- The Washington Times - Thursday, April 30, 2009


Army ammo dump explodes, sets fires

ARUSHA | Huge blasts rocked an ammunition dump at an army camp in Tanzania’s commercial capital Wednesday, officials said.

Several people were feared dead, police spokesman Mohamed Mhina said. The blasts lasted for about two hours and fires were still burning two hours after that, he said.

Local news reports said houses around the base were on fire and several people had been injured.
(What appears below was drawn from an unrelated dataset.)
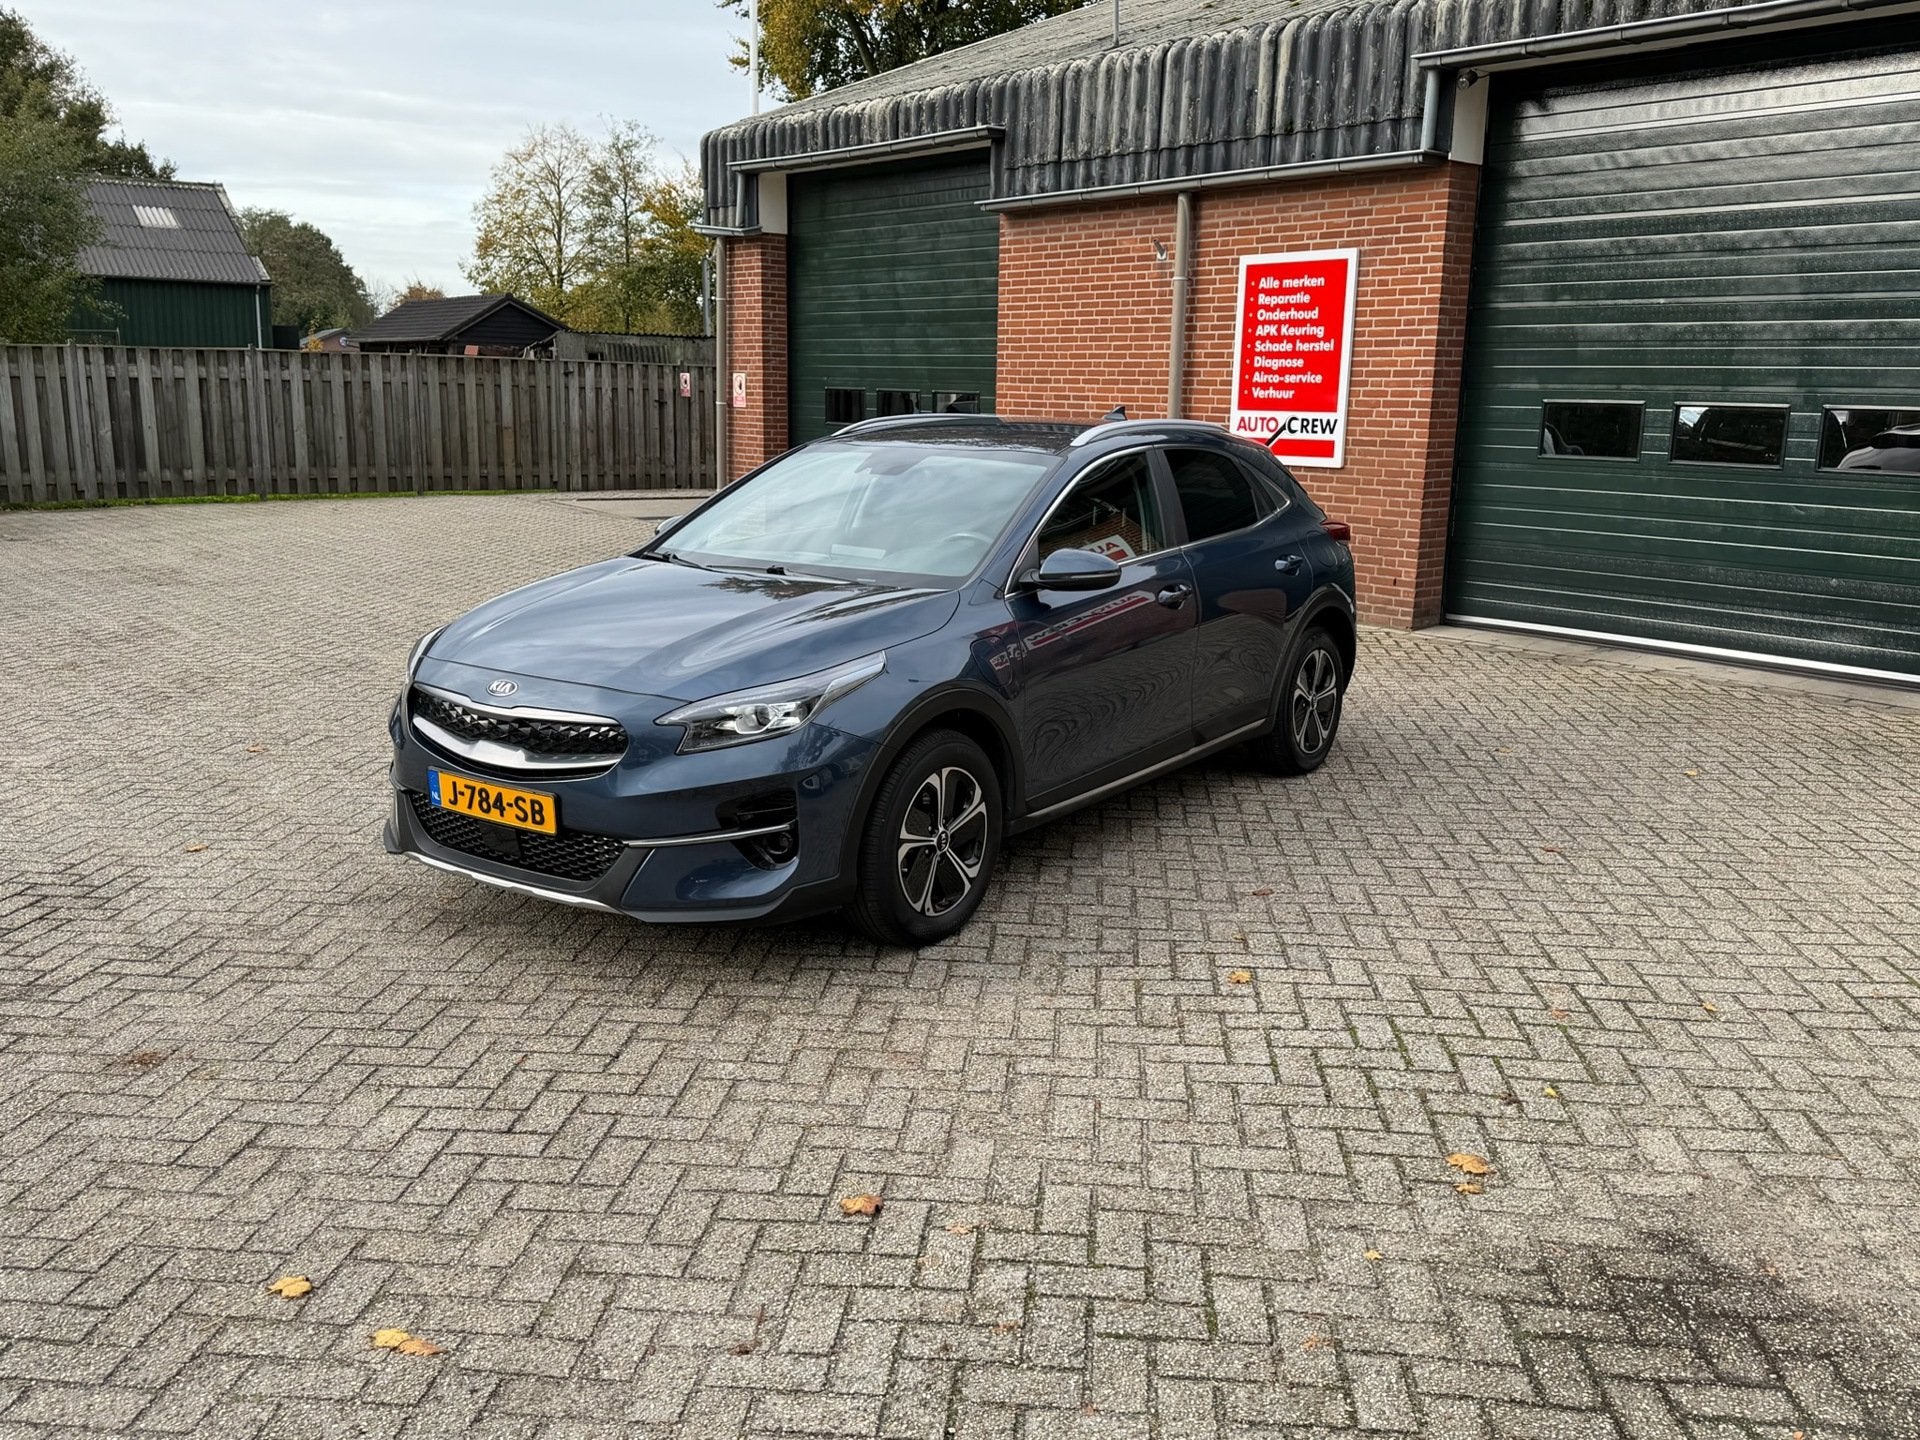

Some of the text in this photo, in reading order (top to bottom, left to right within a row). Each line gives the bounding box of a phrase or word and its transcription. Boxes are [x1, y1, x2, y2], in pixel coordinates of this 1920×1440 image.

The blast rattled windows in houses 37 miles away, resident Kate Esmail said.

The Bagala Army Camp is surrounded by civilian homes but is far from Dar es Salaam.


Coup leaders seek recognition

ADDIS ABABA, Ethiopia | A high-level delegation from Madagascar’s transitional regime, which is not recognized by the international community, is in Addis Ababa for talks, diplomats said Wednesday.

“A delegation led by the High Transition Authority’s foreign minister, Ny Hasnia Andriamanjato, arrived in Addis Ababa on Monday for consultations with various diplomatic representations,” an African diplomat told Agence France-Presse.

Former Madagascan opposition leader Andry Rajoelina ousted the Indian Ocean island’s elected president, Marc Ravalomanana, with army backing March 17.

His takeover was described as a coup the international community, which has called for the return of constitutional order.


Hostage gorilla saved from poacher

GOMA | Authorities in eastern Congo saved a baby gorilla from an animal trafficker who took it on a plane hidden in a bag.

Officials at Virunga National Park said Tuesday that the gorilla suffered from dehydration after being put in the bag for more than six hours.

Authorities arrested the trafficker Sunday at Goma International Airport.

Park director Emmanuel de Merode said there has been a “significant upsurge” in the trafficking of baby gorillas in recent months. He says they can be sold for up to $20,000 each.

There are only about 720 mountain gorillas left worldwide.


Tsvangirai urges government unity

BULAWAYO | Prime Minister Morgan Tsvangirai on Wednesday sought to overcome worries about the country’s unity government insisting that restoring the rule of law was a top priority.

“Only through restoration of the rule of law can we remove the uncertainty of doing business in Zimbabwe and restore investor confidence,” Mr. Tsvangirai told a gathering of executives on the sidelines of a trade show in the city of Bulawayo.

His speech was part of a major push to ease doubts about the power-sharing deal with President Robert Mugabe, as Finance Minister Tendai Biti headed to Washington for an International Monetary Fund meeting on Zimbabwe next week.

The government is seeking $8.5 billion over three years to revive the economy that has been shattered by a decade of hyperinflation, but major donors have said they want Mr. Mugabe to enact concrete reforms.


Flu threatens soccer tournament

JOHANNESBURG | World soccer’s governing body said Wednesday that it is monitoring the outbreak of swine flu that has sparked alerts around the globe just six weeks before the Confederations Cup.

“We are monitoring the situation, and we hope it will be under control before the seven teams are moving from their countries to South Africa for the Confederations Cup,” said FIFA Secretary General Jerome Valcke.

Countries have the right to bar their teams from traveling to South Africa from the Confederations Cup, which runs from June 14 to 28.